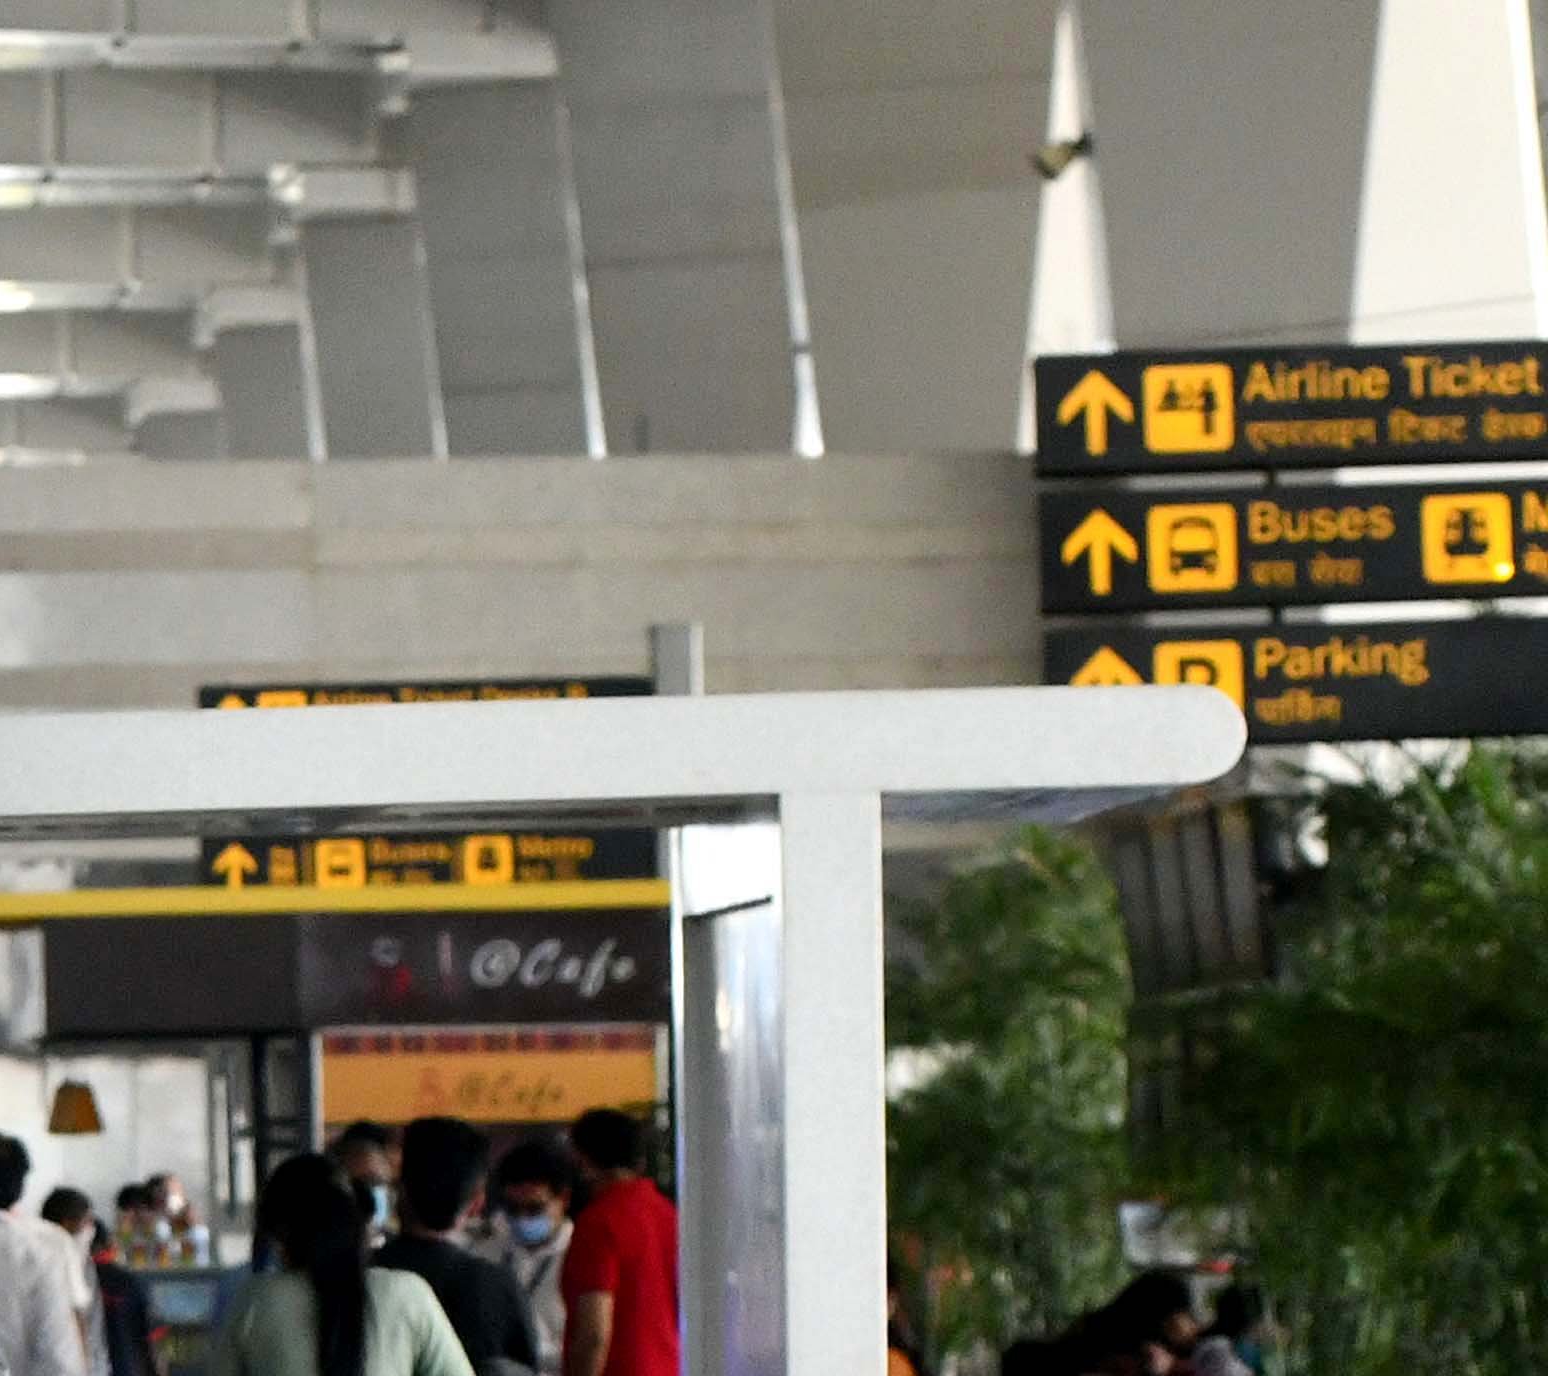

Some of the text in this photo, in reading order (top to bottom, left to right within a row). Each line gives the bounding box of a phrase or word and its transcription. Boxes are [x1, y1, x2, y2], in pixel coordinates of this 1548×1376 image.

[1243, 354, 1544, 402] Airline Ticket
[1247, 500, 1397, 544] Buses
[1254, 635, 1431, 686] Parking
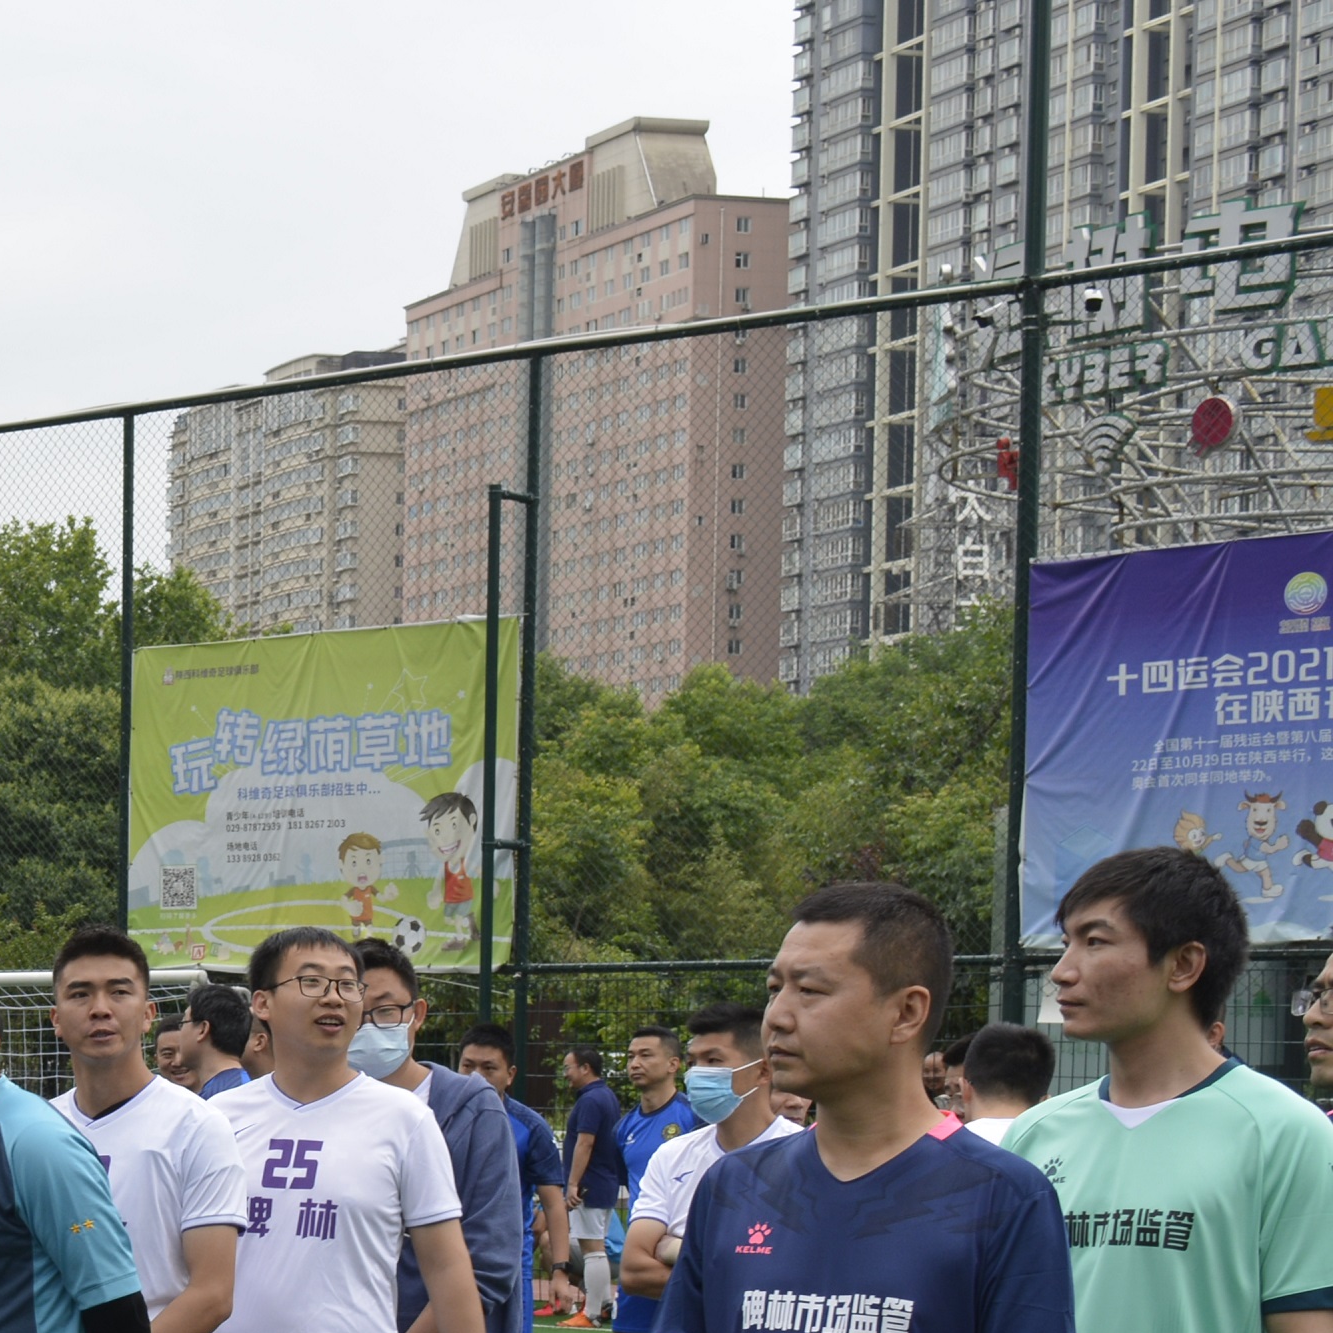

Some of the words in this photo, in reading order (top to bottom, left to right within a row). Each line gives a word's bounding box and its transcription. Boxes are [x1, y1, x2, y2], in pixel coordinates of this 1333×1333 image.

[170, 708, 452, 794] 玩转绿荫草地
[261, 1138, 324, 1190] 25
[735, 1244, 773, 1255] KELME
[1064, 1207, 1195, 1252] 林市场监管
****************
Give back exactly the lines from the one that contains "Some of the words" to the end of the data above, both of those lines included.

▶ **ANSWER TO THIS EXERCISE**:
Some of the words in this photo, in reading order (top to bottom, left to right within a row). Each line gives a word's bounding box and its transcription. Boxes are [x1, y1, x2, y2], in pixel coordinates of this 1333×1333 image.

[170, 708, 452, 794] 玩转绿荫草地
[261, 1138, 324, 1190] 25
[735, 1244, 773, 1255] KELME
[1064, 1207, 1195, 1252] 林市场监管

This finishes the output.